Records excerpted from a collection:

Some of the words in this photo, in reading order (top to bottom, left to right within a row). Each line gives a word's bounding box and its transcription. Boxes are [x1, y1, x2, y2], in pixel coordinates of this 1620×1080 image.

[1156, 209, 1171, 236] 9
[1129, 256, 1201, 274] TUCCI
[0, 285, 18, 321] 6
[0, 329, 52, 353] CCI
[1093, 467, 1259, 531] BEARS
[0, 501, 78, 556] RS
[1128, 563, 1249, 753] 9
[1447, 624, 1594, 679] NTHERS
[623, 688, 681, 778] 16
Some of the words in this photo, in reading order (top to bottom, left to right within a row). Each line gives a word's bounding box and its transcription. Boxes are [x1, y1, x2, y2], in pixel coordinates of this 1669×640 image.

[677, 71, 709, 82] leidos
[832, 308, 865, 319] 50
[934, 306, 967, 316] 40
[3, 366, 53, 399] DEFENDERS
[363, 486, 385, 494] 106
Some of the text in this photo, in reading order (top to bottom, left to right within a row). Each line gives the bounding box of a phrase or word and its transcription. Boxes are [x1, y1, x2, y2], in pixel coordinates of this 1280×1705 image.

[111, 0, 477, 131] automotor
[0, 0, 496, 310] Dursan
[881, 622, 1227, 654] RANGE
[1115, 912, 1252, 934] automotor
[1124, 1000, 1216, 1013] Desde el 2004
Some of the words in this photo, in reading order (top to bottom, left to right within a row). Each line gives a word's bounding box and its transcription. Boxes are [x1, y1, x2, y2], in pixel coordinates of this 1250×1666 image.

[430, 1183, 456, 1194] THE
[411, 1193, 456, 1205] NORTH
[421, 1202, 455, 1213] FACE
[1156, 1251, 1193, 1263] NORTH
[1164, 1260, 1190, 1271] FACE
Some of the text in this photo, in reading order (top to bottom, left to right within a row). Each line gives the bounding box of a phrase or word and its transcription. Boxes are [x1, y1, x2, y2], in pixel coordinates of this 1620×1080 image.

[YOUR OBJECTIVE] Return exactly the line that contains "this 1669×640 image." and every line after it, through the last line of the records.

[TASK OUTPUT]
Some of the words in this photo, in reading order (top to bottom, left to right within a row). Each line gives a word's bounding box and its transcription. Boxes are [x1, y1, x2, y2], in pixel coordinates of this 1669×640 image.

[677, 71, 709, 82] leidos
[832, 308, 865, 319] 50
[934, 306, 967, 316] 40
[3, 366, 53, 399] DEFENDERS
[363, 486, 385, 494] 106
Some of the text in this photo, in reading order (top to bottom, left to right within a row). Each line gives the bounding box of a phrase or word and its transcription. Boxes are [x1, y1, x2, y2], in pixel coordinates of this 1280×1705 image.

[111, 0, 477, 131] automotor
[0, 0, 496, 310] Dursan
[881, 622, 1227, 654] RANGE
[1115, 912, 1252, 934] automotor
[1124, 1000, 1216, 1013] Desde el 2004
Some of the words in this photo, in reading order (top to bottom, left to right within a row). Each line gives a word's bounding box and its transcription. Boxes are [x1, y1, x2, y2], in pixel coordinates of this 1250×1666 image.

[430, 1183, 456, 1194] THE
[411, 1193, 456, 1205] NORTH
[421, 1202, 455, 1213] FACE
[1156, 1251, 1193, 1263] NORTH
[1164, 1260, 1190, 1271] FACE
Some of the text in this photo, in reading order (top to bottom, left to right within a row). Each line gives the bounding box of a phrase or word and its transcription. Boxes are [x1, y1, x2, y2], in pixel coordinates of this 1620×1080 image.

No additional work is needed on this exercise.